— Activity —
Give back the records below verbatim, please, but without a single image.

— Excerpted records —
━━━━━━━━

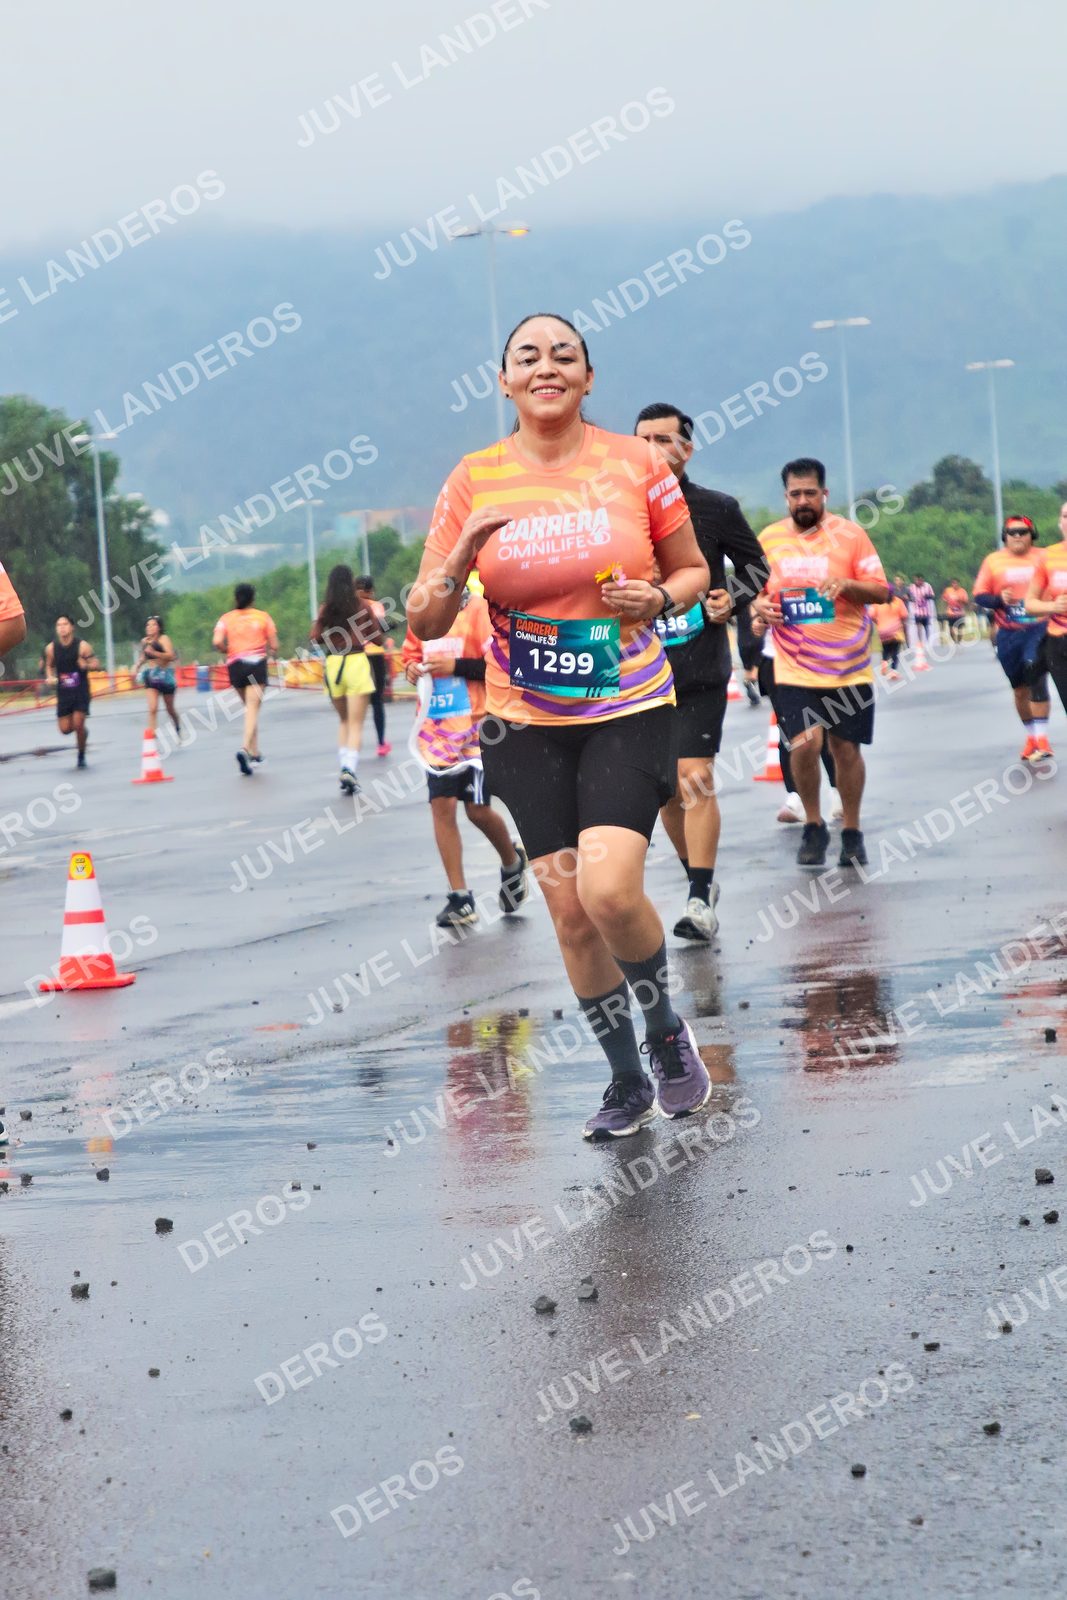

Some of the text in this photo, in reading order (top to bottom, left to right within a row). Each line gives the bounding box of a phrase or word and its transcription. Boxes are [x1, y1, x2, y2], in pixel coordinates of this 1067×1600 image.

[499, 507, 609, 542] CARRERA
[498, 534, 587, 560] OMNILIFE
[790, 602, 823, 615] 1104
[515, 619, 611, 640] CARRERA 10K
[653, 614, 688, 634] 536
[515, 630, 548, 645] OMNILIFE
[529, 648, 594, 675] 1299
[429, 693, 454, 708] 757

━━━━━━━━

— Response —
Some of the text in this photo, in reading order (top to bottom, left to right within a row). Each line gives the bounding box of a phrase or word and its transcription. Boxes are [x1, y1, x2, y2], in pixel coordinates of this 1067×1600 image.

[499, 507, 609, 542] CARRERA
[498, 534, 587, 560] OMNILIFE
[790, 602, 823, 615] 1104
[515, 619, 611, 640] CARRERA 10K
[653, 614, 688, 634] 536
[515, 630, 548, 645] OMNILIFE
[529, 648, 594, 675] 1299
[429, 693, 454, 708] 757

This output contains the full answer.